# Lab 1 - Python, Pandas and Matplotlib
- **Author:** Emily Aiken ([emilyaiken@berkeley.edu](mailto:emilyaiken@berkeley.edu)) (Adapted from labs by Qutub Khan Vajihi and Dimitris Papadimitriou)
- **Date:** January 26, 2022
- **Course:** INFO 251: Applied Machine Learning

### Learning Objectives:

* Know what is good style when writing Python code
* Learn some useful Python features that you may not already know about
* Work with DataFrames using the Pandas library
* Produce basic graphs using the Matplotlib library, and learn some tips to produce readable and beautiful graphs

### Feedback:

After the lab, please provide feedback via this anonymous [google form](https://forms.gle/rHvftuoLpnEHXSNX9).
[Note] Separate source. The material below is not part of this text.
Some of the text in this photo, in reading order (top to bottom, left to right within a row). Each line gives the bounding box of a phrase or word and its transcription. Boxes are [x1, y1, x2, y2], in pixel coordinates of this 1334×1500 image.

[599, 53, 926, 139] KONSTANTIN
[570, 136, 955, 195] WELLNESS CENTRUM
It should take about 20 seconds!


## 1. Python Code Style
Below are some key points for Python coding style. Most importantly, remember that code is for people to read --- and in this class, for people to grade --- so use your best judgement to make your code readable. For more information, visit Guido van Rossum's python style guide: [PEP 8 -- Style Guide for Python Code](https://www.python.org/dev/peps/pep-0008/). 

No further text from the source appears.